● WORK ORDER
From the line with "this 2000×1126 image." to the final line of the records, every line is to be duplicated exactly, both of those lines included.

Start of Block

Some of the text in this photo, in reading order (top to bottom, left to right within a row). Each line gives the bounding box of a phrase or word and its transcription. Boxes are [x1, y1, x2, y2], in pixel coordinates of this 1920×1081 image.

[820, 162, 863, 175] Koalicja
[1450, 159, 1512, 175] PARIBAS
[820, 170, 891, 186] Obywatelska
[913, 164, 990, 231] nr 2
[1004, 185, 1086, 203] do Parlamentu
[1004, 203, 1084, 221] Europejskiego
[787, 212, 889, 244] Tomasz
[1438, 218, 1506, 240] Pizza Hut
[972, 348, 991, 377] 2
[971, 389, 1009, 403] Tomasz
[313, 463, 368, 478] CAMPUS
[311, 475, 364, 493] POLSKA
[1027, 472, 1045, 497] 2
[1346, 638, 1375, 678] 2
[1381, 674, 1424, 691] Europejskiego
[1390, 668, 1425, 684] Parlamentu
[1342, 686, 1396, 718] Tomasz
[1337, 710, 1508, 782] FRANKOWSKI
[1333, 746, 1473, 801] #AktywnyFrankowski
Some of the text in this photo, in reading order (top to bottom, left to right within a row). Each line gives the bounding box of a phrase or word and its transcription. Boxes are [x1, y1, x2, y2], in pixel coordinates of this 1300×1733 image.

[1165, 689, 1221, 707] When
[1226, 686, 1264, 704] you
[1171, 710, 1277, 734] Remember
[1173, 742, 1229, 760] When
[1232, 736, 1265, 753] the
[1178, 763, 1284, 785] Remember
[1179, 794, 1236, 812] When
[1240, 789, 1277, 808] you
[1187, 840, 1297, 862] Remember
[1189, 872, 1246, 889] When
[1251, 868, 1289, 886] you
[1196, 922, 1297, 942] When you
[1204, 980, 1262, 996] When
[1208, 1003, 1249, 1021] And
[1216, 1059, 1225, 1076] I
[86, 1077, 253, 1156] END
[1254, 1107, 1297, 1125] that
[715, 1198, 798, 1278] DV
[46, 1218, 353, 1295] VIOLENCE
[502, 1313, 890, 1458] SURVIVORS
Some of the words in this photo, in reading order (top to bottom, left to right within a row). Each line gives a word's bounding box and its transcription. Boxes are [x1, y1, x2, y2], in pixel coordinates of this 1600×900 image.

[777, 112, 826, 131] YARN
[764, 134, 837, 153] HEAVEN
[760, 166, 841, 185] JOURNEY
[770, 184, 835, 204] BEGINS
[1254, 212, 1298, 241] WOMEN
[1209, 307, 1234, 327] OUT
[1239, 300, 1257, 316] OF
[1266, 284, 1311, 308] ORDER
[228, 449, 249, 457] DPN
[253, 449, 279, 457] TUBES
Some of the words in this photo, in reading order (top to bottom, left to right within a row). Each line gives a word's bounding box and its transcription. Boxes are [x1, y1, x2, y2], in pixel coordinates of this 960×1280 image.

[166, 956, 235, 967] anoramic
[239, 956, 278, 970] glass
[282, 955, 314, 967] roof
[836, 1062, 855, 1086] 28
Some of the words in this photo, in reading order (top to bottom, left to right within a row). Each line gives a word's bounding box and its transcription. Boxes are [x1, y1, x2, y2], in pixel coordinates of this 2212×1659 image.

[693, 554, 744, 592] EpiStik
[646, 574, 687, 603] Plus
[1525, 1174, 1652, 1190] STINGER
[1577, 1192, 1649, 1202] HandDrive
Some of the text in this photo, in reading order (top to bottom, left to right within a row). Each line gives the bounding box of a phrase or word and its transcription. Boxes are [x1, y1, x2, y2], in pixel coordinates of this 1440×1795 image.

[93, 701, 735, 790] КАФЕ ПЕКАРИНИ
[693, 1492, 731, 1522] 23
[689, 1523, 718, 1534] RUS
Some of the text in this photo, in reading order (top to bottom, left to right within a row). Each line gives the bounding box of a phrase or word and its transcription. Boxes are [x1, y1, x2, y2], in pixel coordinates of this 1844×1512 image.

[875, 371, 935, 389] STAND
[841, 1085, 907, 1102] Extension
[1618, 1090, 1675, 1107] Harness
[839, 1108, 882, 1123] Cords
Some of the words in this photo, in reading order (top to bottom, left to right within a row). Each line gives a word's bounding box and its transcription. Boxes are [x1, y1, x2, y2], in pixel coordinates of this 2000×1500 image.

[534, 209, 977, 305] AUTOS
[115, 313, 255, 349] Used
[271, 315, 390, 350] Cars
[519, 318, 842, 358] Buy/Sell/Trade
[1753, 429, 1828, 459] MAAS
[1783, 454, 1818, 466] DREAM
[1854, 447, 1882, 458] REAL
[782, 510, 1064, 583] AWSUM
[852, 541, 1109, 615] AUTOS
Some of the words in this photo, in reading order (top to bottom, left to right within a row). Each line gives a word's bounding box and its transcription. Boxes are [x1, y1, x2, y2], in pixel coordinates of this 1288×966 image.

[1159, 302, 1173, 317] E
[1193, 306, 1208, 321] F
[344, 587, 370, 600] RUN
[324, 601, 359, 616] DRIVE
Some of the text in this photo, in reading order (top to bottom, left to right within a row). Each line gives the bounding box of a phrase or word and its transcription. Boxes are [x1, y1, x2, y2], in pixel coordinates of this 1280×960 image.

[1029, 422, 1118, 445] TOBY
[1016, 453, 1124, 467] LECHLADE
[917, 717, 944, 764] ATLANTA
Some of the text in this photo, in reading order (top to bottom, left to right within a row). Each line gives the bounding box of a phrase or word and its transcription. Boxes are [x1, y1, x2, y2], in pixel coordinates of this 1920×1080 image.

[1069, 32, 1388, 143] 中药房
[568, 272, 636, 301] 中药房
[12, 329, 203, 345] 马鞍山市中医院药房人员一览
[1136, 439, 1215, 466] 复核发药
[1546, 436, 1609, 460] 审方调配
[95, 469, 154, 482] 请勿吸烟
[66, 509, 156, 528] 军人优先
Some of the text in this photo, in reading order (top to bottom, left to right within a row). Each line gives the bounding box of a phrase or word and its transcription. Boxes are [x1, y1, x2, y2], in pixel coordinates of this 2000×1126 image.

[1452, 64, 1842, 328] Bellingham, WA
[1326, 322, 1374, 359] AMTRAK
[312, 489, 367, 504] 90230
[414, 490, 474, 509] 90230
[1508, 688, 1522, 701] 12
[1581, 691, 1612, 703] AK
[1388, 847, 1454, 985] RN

End of Block

● RESPONSE TO THE EXERCISE
Some of the text in this photo, in reading order (top to bottom, left to right within a row). Each line gives the bounding box of a phrase or word and its transcription. Boxes are [x1, y1, x2, y2], in pixel coordinates of this 2000×1126 image.

[1452, 64, 1842, 328] Bellingham, WA
[1326, 322, 1374, 359] AMTRAK
[312, 489, 367, 504] 90230
[414, 490, 474, 509] 90230
[1508, 688, 1522, 701] 12
[1581, 691, 1612, 703] AK
[1388, 847, 1454, 985] RN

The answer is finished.